The app is built on Django (Python), and I’m calling it a 0.1 release since there are almost certainly bugs I haven’t found. But it does work for me. (For what that’s worth.)
Sparkline pedigree chart
This proof of concept takes the genealogy sparklines idea and puts it on a pedigree chart:
The white diamond represents a marriage, and the small circles represent children. The length of the line corresponds to how long the person lived. (Also, the data is very made up.)
As I’m writing this, I’m thinking these sparklines might work better on a family group sheet instead of a pedigree chart.
Assertion-based genealogy proof of concept
This is a rough, experimental proof of concept showing how an assertion-based genealogy app could work. The basic idea is that you type in the facts you know (usually from a record you’ve found), and the app pieces together the people and relationships. Here’s the video:
And a screencap:
Notes:
- I’m not very good at After Effects. (Thus the oversize mouse cursor I threw together, the less than ideal pacing, etc.)
- Overall, the idea of assertion-based genealogy continues to intrigue me. It feels simpler — I add a source and list the facts/hypotheses found in it, and the system takes care of linking it all up.
- Toward the end of the video, the mouse clicks on the first fact and it dims, and Domenico and Mariantonia disappear from the chart area. The idea here is similar to toggling a layer’s visibility in Photoshop — disable a fact to see what the chart looks like without those conclusions.
- I didn’t mock this up, but I envisioned the right (empty) sidebar being used for analysis, somewhat like my Family Analysis prototype, and for flagging errors (a father born after his child is born, a mother dying two years before she gives birth, etc.).
Experimental family pedigree
This experiment takes the style introduced in January and uses it for a family pedigree (this time with real names and dates from my Italian side in Morrone del Sannio):
Three generations would have been better than four (mostly because of spacing). There’s also a bit of redundancy — people on the main lines show up twice, once as a child and once as a father/mother.

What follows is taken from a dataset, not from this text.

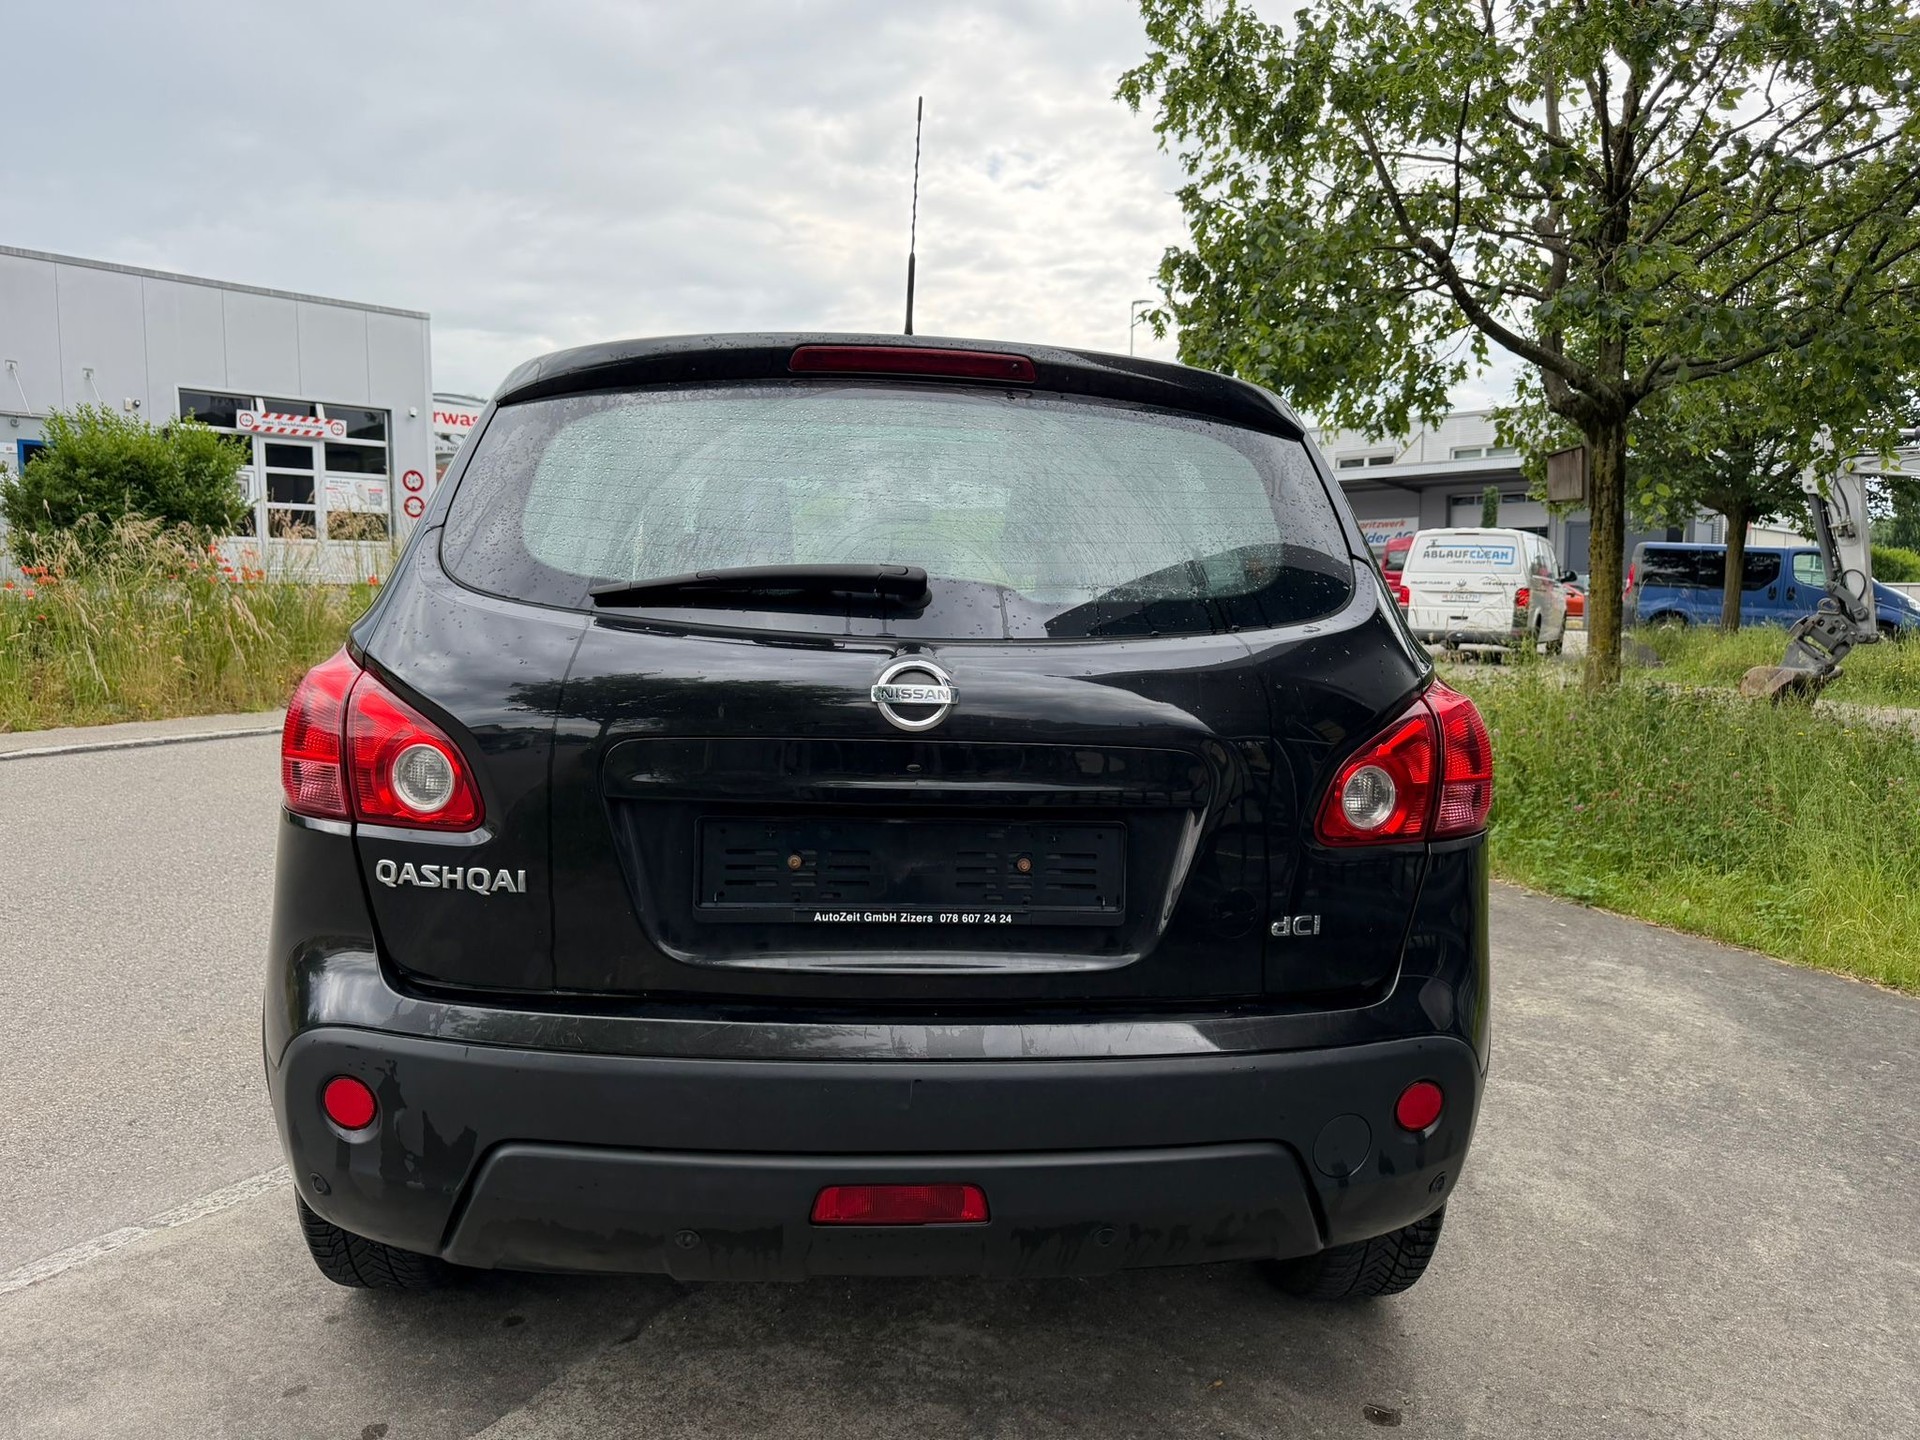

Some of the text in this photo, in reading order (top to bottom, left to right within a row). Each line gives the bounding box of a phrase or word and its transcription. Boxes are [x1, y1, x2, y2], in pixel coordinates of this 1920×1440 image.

[1423, 549, 1509, 560] ABLAUFCLEAN
[880, 688, 950, 700] NISSAN
[375, 859, 527, 896] QASHQAI
[814, 912, 1013, 924] AutoZeit GmbH Zizers 078 607 24 24

Overall, though, I like being able to see the children of each family across multiple generations.
Census source tracker
A few weeks ago the FamilySearch blog posted about Source Tracker, a web app that hooks into FamilySearch and shows you which U.S. censuses your ancestors should have been in, and (more importantly) which ones have already been sourced. For example:
Yes, please. It’s brilliant. And it makes it really, really easy to see where the holes are — in mine, for example, you can see that I need to find Mary Louise Chambers in the 1880, 1930, and 1940 censuses. Clicking the magnifying glass takes you to a search for that person in that census. I’ve spent a fair amount of time these past couple weeks going through and hunting people down in the censuses (and I still have a lot to do, as you can see).